Essentially, YRS is a network for developers aged 18 and under. When it kicked off in 2009, it had 50 members – all of whom had to be hand picked because they were learning on their own in total isolation. Nobody had a list because there was no formal support or education network. They were, quite literally, off grid.
Three years later, the network has 600 members and 42 centres across the UK. It puts young coders in touch via events, and helps them stay in touch so they can learn from each other. As Emma Mulqueeny, founder of YRS, put it, the organisation is trying to find and engage with “every kid who is sitting in a bedroom trying to do this alone.”
There are lessons in all this for the government, lessons which one can’t help but hope are heeded when plans for that much talked about new ICT curriculum are finally put together.

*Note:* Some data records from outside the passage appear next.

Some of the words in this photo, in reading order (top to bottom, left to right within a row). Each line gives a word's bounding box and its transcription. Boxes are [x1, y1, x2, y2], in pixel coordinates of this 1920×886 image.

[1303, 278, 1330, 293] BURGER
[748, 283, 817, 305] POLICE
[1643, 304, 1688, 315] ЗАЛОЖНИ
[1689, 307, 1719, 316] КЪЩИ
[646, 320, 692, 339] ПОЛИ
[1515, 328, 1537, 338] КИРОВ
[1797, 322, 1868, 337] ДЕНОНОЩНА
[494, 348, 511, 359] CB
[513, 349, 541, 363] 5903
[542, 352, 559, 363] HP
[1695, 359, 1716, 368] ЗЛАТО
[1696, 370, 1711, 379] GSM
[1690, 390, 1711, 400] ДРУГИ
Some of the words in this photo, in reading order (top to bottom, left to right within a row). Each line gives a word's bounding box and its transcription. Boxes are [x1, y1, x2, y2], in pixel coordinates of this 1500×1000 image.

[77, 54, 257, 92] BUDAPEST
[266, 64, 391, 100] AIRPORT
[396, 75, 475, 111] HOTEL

First of all, we have to re-engage young people with the guts of technology, not just the shiny devices, and social tools. Yes, skilled teachers are important, but starting with the theory is, in my opinion, a mistake. Let them play with technology, and the questions about theory will come – more importantly, the answers will be listened to and absorbed with gusto.
Here’s a thought. There are currently 4.2 million 11-16 year olds in the UK. The total cost of providing one Raspberry Pi device to share between three – so they can experiment with technology as part of a refreshed ICT curriculum – would be about £30m (and that’s retail price). For a country apparently so keen to produce ‘the next Tim Berners-Lee’ that does not seem a very high price to pay. Something like that has already started, Google, in conjunction with the Raspberry Pi Foundation, are planning to give away 15,000 Raspberry Pi devices to schools in the UK. With over 4,000 secondary schools in the UK it is less than 4 devices per school; but it’s a start.

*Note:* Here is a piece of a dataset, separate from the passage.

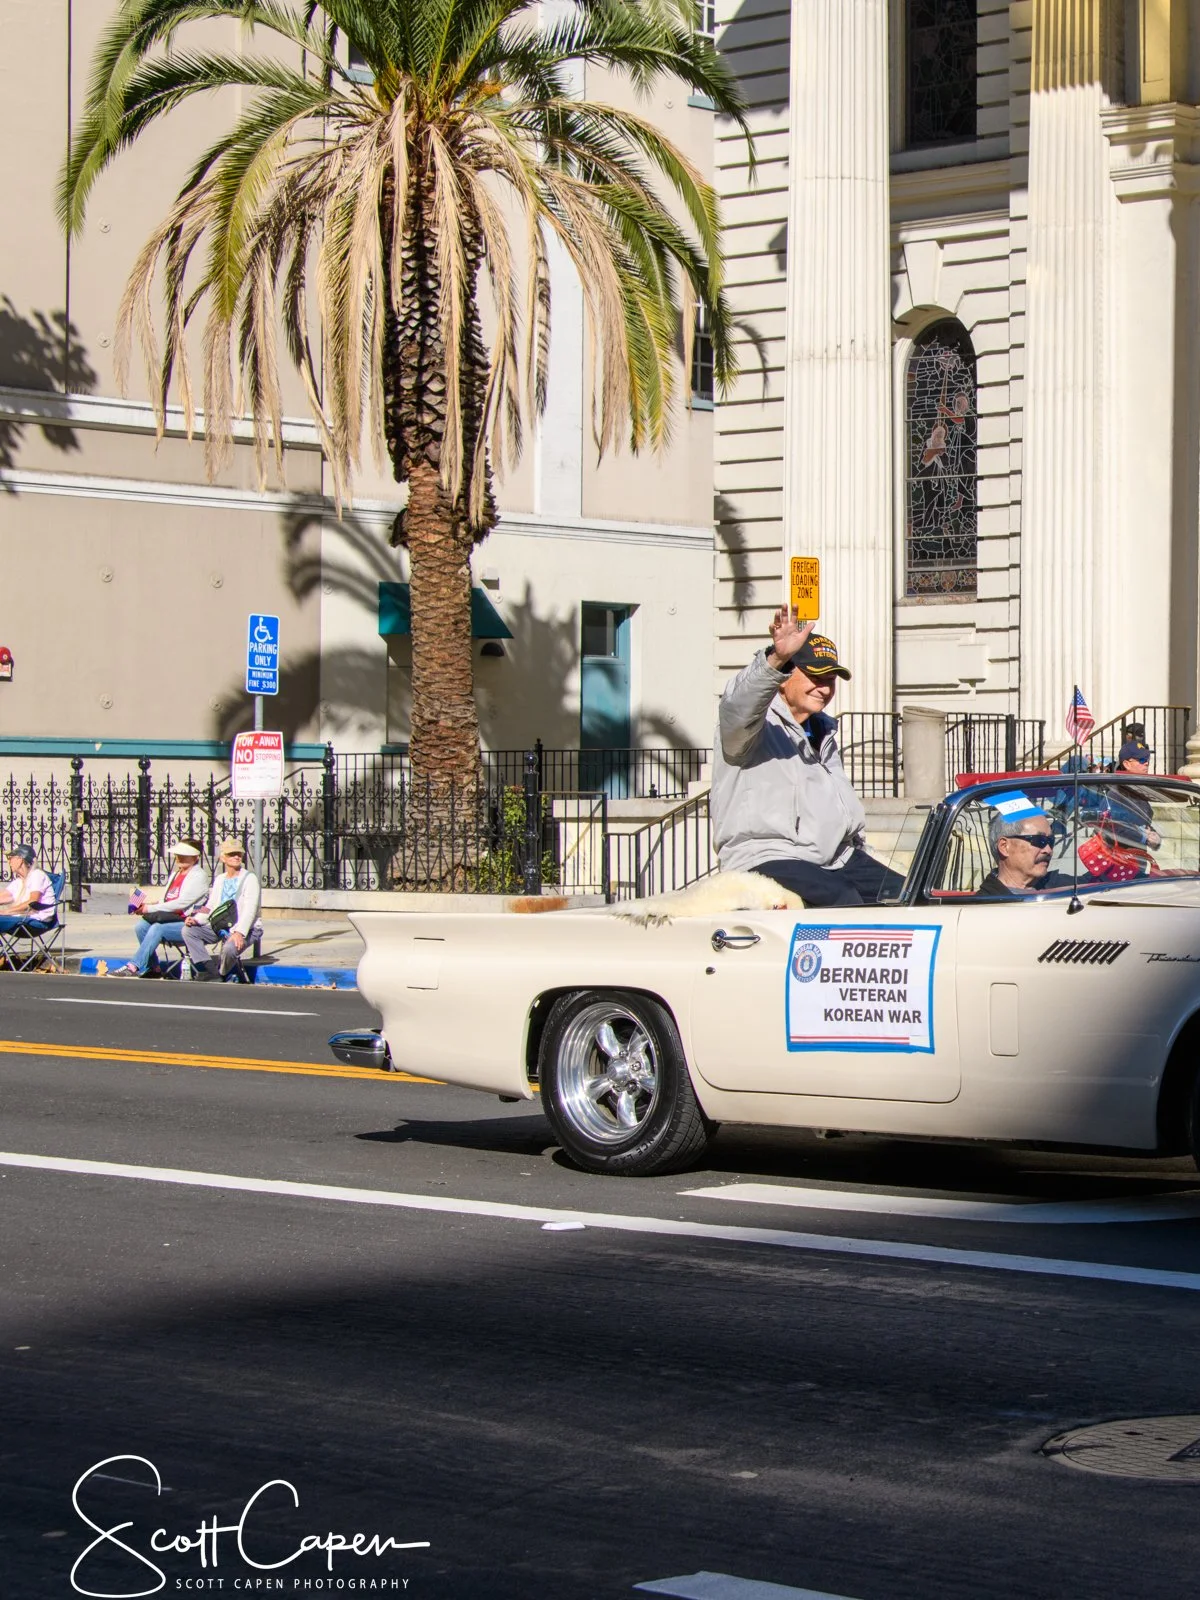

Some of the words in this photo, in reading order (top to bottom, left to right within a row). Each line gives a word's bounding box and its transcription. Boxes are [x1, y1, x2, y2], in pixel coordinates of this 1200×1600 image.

Secondly, make sure there is extra-curricular provision for those kids that want to do more than is possible in a one hour lesson once every ten days. The lesson from YRS is pretty clear – they are out there and engaging with them creates a ripple effect. More get involved as friends hear about their exploits. They start to learn from each other much faster than they can learn from a teacher, trained by Microsoft and Facebook or not – and they innovate, rather than copying tried and tested routes. Isn’t that what we want? Innovators?
That combination of experimentation and the ripple effect that comes when you give these kids a chance to work together and learn from each other with the support of skilled educators could offer a powerful means by which to re-ignite interest in technology – because it draws on things they are already doing.
Those of us who hope to see a new generation of Berners-Lees emerge can only hope that the government listens as much to students as it does to think tanks and industry when it comes to ICT education – and that is a sentiment that I feel confident 100% of Realtimers would agree with.